* What to do *
Set down all of the entries word for word, omitting the images they contain.
(Data excerpts begins)
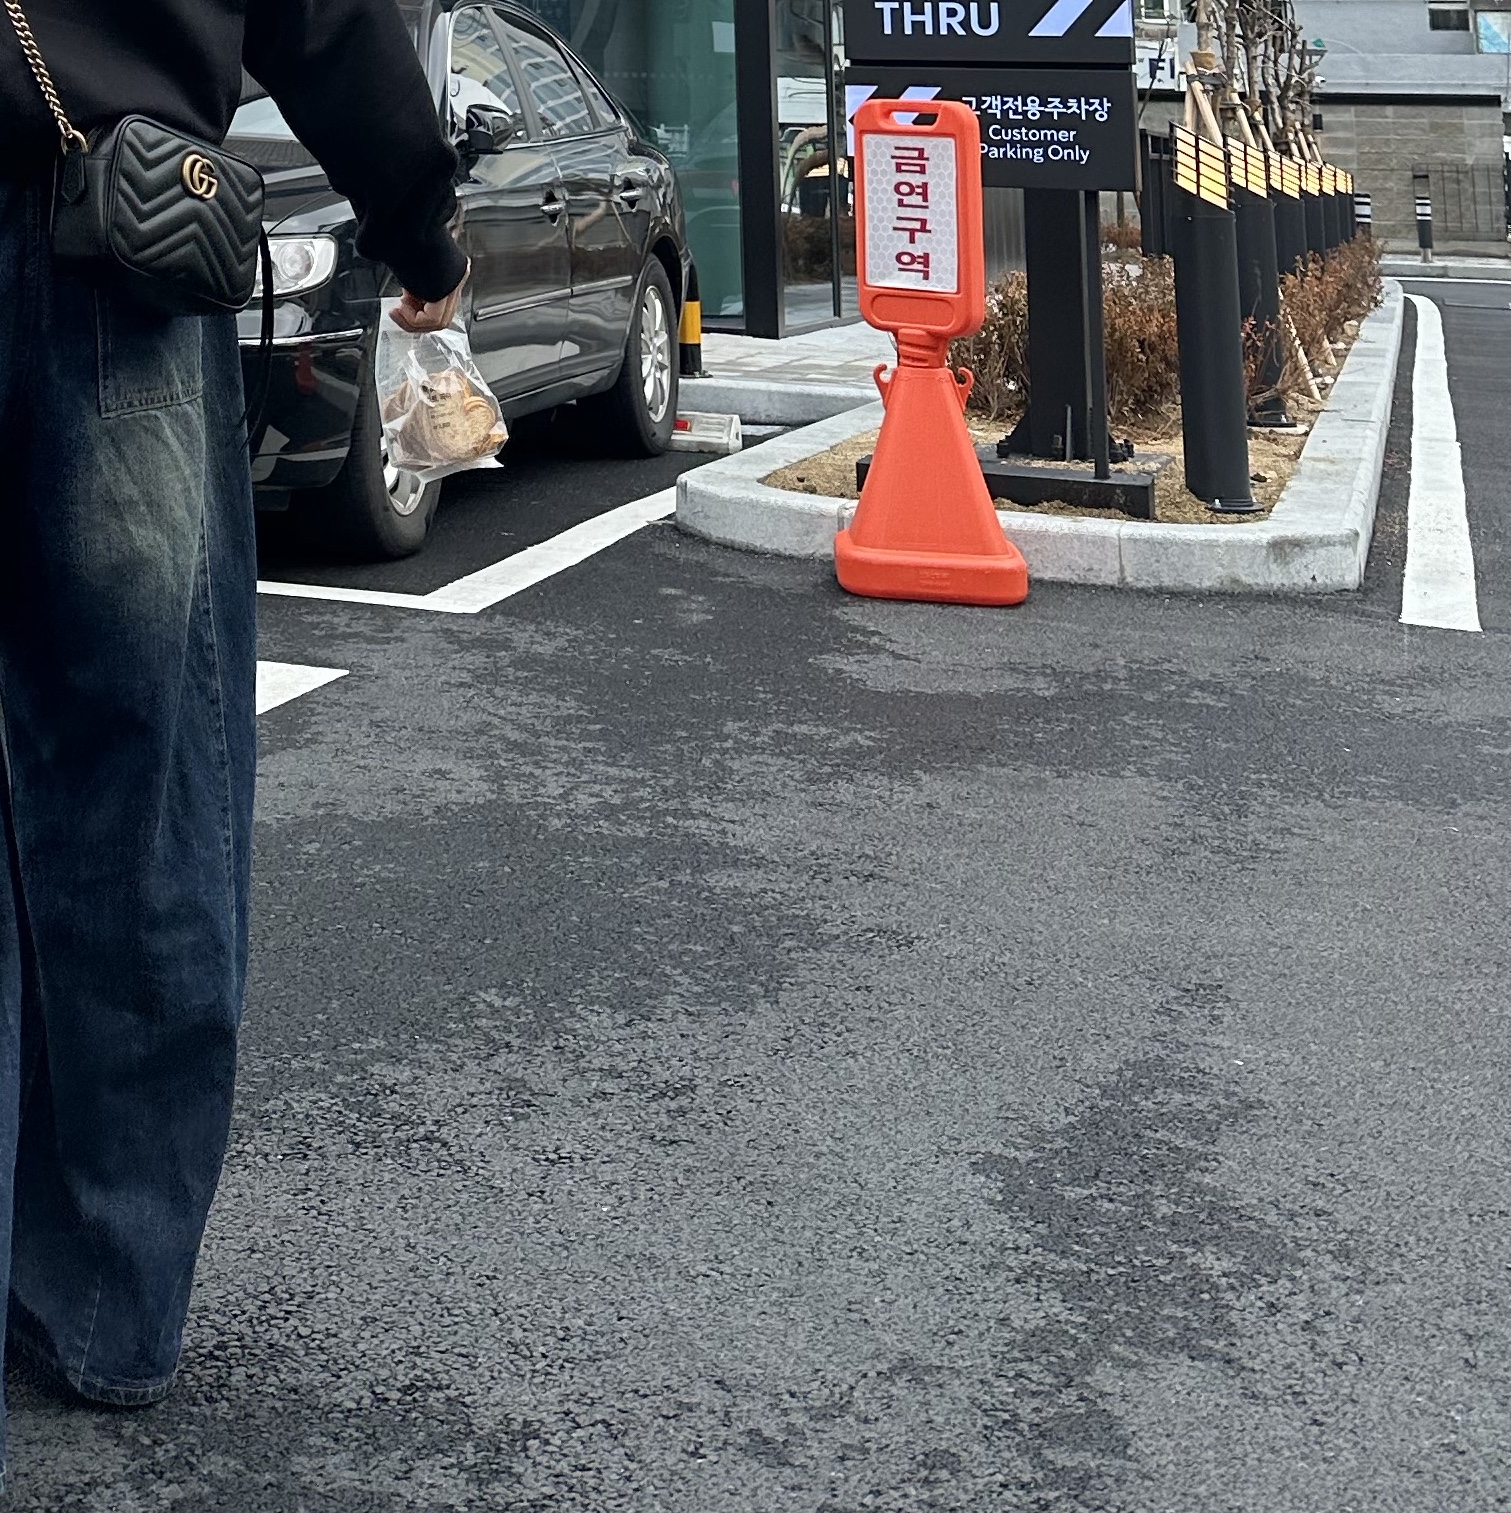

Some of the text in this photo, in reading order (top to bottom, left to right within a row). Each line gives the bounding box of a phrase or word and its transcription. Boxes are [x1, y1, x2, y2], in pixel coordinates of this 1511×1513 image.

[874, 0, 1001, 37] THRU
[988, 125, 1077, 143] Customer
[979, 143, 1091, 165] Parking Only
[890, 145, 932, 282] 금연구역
(Data excerpts ends)
* Answer section *
Some of the text in this photo, in reading order (top to bottom, left to right within a row). Each line gives the bounding box of a phrase or word and its transcription. Boxes are [x1, y1, x2, y2], in pixel coordinates of this 1511×1513 image.

[874, 0, 1001, 37] THRU
[988, 125, 1077, 143] Customer
[979, 143, 1091, 165] Parking Only
[890, 145, 932, 282] 금연구역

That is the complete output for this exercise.